La COP30 s'achève dans l'impasse, la France dénonce un accord « inacceptable »
Alors que les négociations de la COP30 entrent dans leur phase finale à Belém, au Brésil, les divisions persistent entre les pays sur la question cruciale des énergies fossiles. Monique Barbut, ministre de la Transition écologique, a vivement critiqué vendredi un projet d'accord jugé « inacceptable » par la France et ses partenaires européens.
Un texte climato-sceptique sous la présidence brésilienne
La ministre a souligné l'absence de toute mention claire sur la sortie des énergies fossiles dans le document final.
« La feuille de route pour sortir des énergies fossiles ? Elle n'existe plus là ! [...] On rentre en plénière, on va dire que ce texte est inacceptable »,a-t-elle déclaré devant la presse.

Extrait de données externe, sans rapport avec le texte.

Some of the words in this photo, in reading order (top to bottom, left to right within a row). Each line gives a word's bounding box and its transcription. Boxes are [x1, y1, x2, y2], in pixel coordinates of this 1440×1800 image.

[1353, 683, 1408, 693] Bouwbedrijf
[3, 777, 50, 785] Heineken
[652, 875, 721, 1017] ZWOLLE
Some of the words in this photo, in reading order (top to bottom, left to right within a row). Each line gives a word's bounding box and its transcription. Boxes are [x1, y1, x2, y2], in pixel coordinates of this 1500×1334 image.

Une position partagée par l'ensemble des États membres de l'Union européenne, qui craignent de se retrouver isolés face à des pays moins ambitieux.
L'Europe unie face aux réticences des pays producteurs
La France et ses alliés européens exigent au minimum deux éléments dans l'accord final : la reconnaissance du rôle des énergies fossiles dans le réchauffement climatique et l'engagement à renforcer les contributions nationales pour respecter l'objectif de +1,5°C. Des demandes jugées minimales par Paris, mais qui butent sur l'opposition des pays producteurs comme la Russie, la Chine ou encore la Turquie.

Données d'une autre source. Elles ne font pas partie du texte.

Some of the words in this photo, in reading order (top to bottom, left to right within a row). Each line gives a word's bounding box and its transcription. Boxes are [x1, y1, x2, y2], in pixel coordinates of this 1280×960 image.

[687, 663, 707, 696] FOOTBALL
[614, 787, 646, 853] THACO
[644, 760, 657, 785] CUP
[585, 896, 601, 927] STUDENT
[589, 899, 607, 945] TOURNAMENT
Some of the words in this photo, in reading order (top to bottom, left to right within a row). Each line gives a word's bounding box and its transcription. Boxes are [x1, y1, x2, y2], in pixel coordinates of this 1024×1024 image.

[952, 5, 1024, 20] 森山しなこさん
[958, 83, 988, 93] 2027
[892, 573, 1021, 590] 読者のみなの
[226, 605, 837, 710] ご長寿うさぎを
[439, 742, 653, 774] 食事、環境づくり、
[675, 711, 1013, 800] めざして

Un sommet sous tension après un incendie et des négociations chaotiques
Retardées par un incendie survenu en début de semaine, les discussions ont été marquées par des tensions entre les pays du Sud, favorables à une transition énergétique plus rapide, et les nations dépendantes des hydrocarbures. La présidence brésilienne, bien que soutenue par la France, peine à trouver un compromis acceptable pour tous.
La France et l'UE en première ligne pour défendre l'accord de Paris
Dans ce contexte, la France, sous la présidence d'Emmanuel Macron, et l'Union européenne jouent un rôle clé pour éviter un échec symbolique. « Notre crainte, c'est d'avoir l'Europe complètement isolée. La bonne nouvelle, c'est qu'on est tous d'accord au niveau européen pour dire que ce n'est pas possible », a ajouté Monique Barbut. Une position qui s'inscrit dans la continuité de la diplomatie climatique française, souvent en pointe sur les questions environnementales.
Un accord final sous haute surveillance
Alors que les dernières heures de négociations approchent, la communauté internationale observe avec inquiétude. Un échec à Belém pourrait affaiblir l'accord de Paris et donner un signal désastreux à quelques mois de la COP31, qui se tiendra en 2025 en France. La pression est donc maximale sur les négociateurs pour trouver un compromis, même minimal.